### [WHAT TO PRODUCE]
Write out the listing exactly, dropping any picture it contains.
(EXTRACTED INFORMATION)
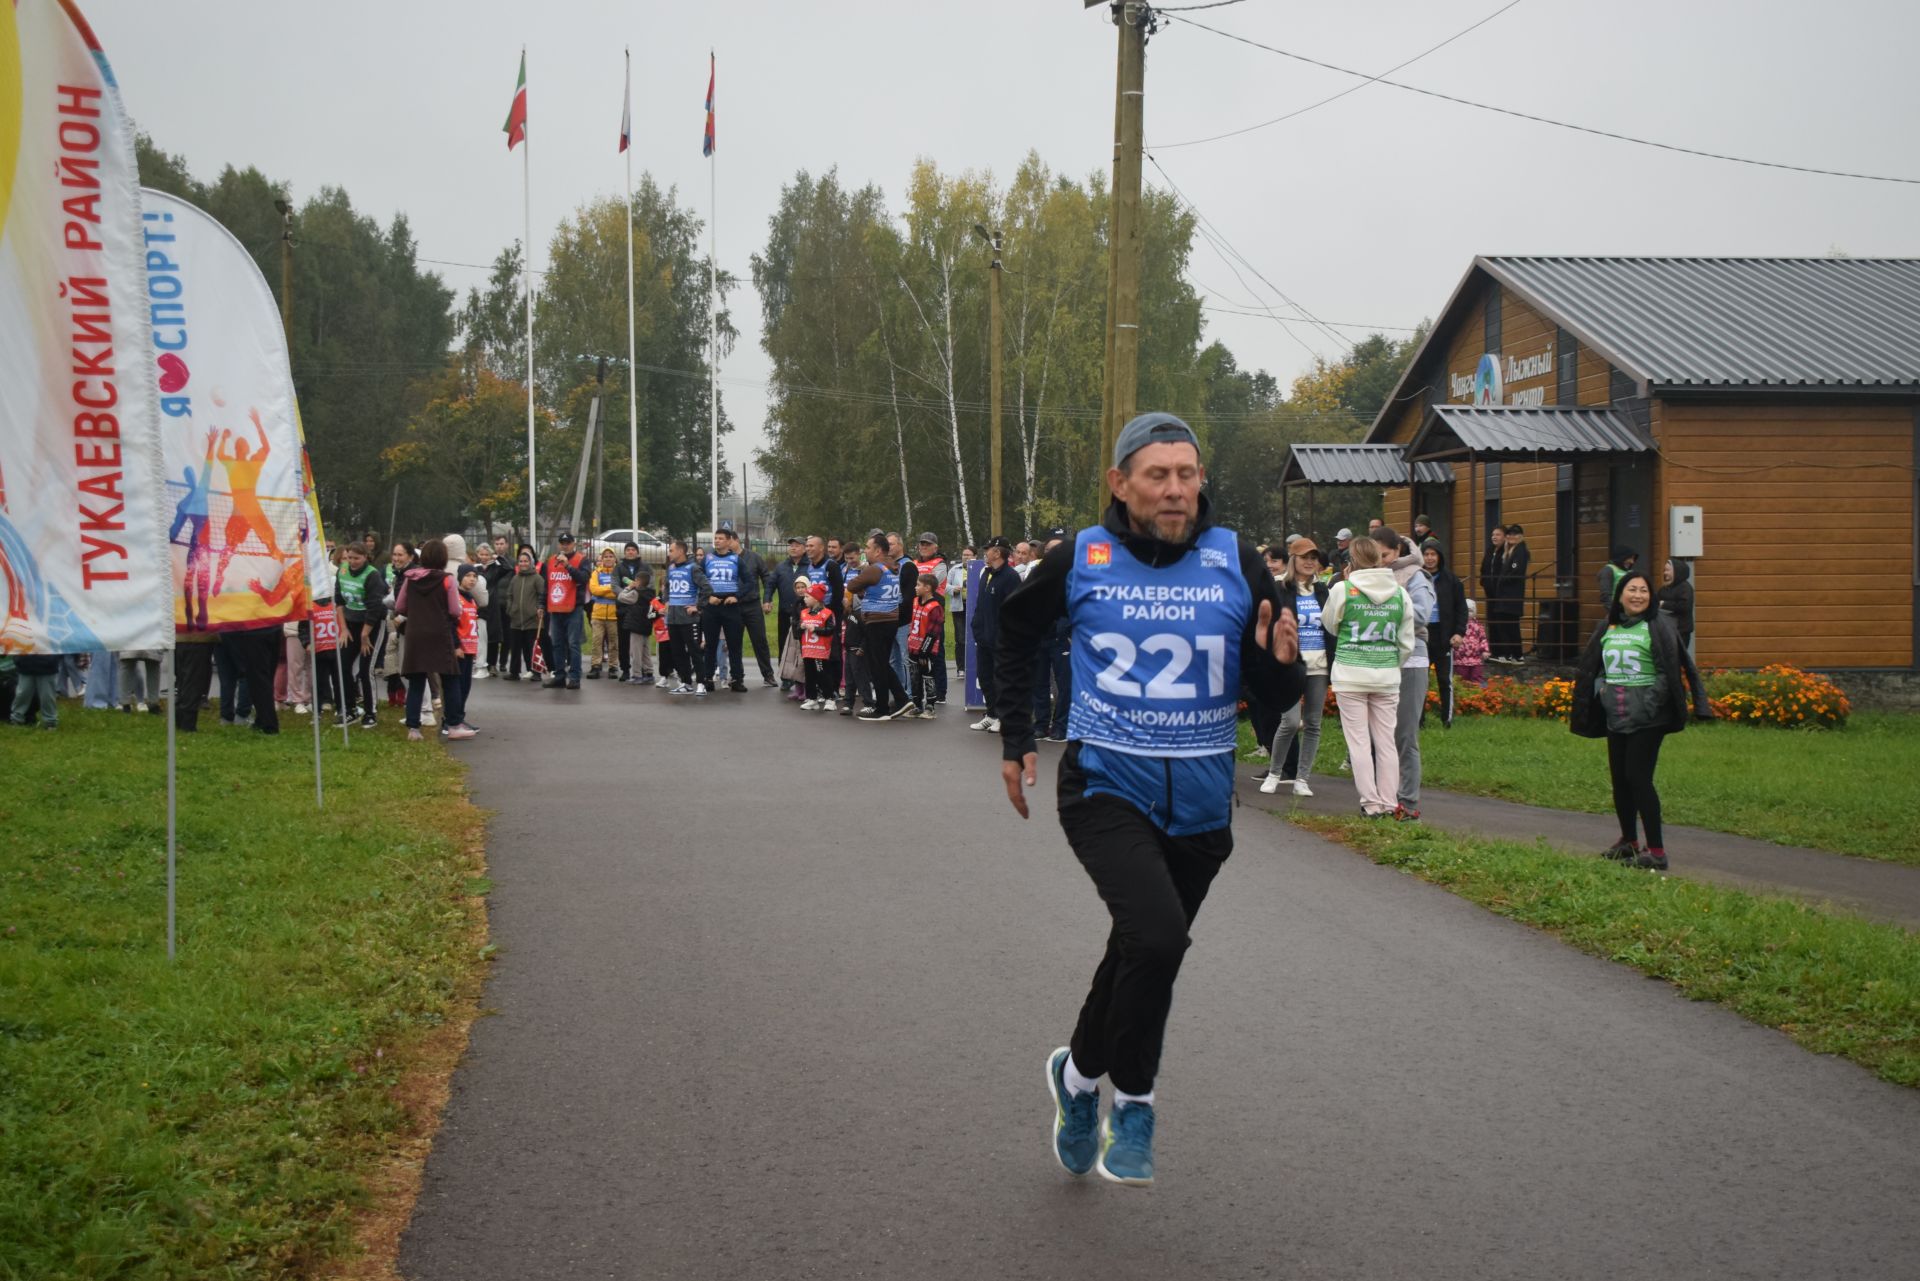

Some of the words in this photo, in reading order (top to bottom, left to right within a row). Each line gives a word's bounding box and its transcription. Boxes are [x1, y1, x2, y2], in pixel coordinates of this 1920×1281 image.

[54, 85, 103, 251] РАЙОН
[142, 213, 187, 350] СПОРТ!
[1505, 343, 1553, 383] Лыжный
[160, 397, 192, 418] Я
[58, 276, 129, 590] ТУКАЕВСКИЙ
[709, 568, 733, 581] 211
[1092, 585, 1224, 603] ТУКАЕВСКИЙ
[1122, 603, 1195, 620] РАЙОН
[1363, 609, 1390, 617] РАЙОН
[1090, 632, 1225, 698] 221
[1131, 710, 1196, 726] НОРМА
(End EXTRACTED INFORMATION)
### [REPLY TO THE EXERCISE]
Some of the words in this photo, in reading order (top to bottom, left to right within a row). Each line gives a word's bounding box and its transcription. Boxes are [x1, y1, x2, y2], in pixel coordinates of this 1920×1281 image.

[54, 85, 103, 251] РАЙОН
[142, 213, 187, 350] СПОРТ!
[1505, 343, 1553, 383] Лыжный
[160, 397, 192, 418] Я
[58, 276, 129, 590] ТУКАЕВСКИЙ
[709, 568, 733, 581] 211
[1092, 585, 1224, 603] ТУКАЕВСКИЙ
[1122, 603, 1195, 620] РАЙОН
[1363, 609, 1390, 617] РАЙОН
[1090, 632, 1225, 698] 221
[1131, 710, 1196, 726] НОРМА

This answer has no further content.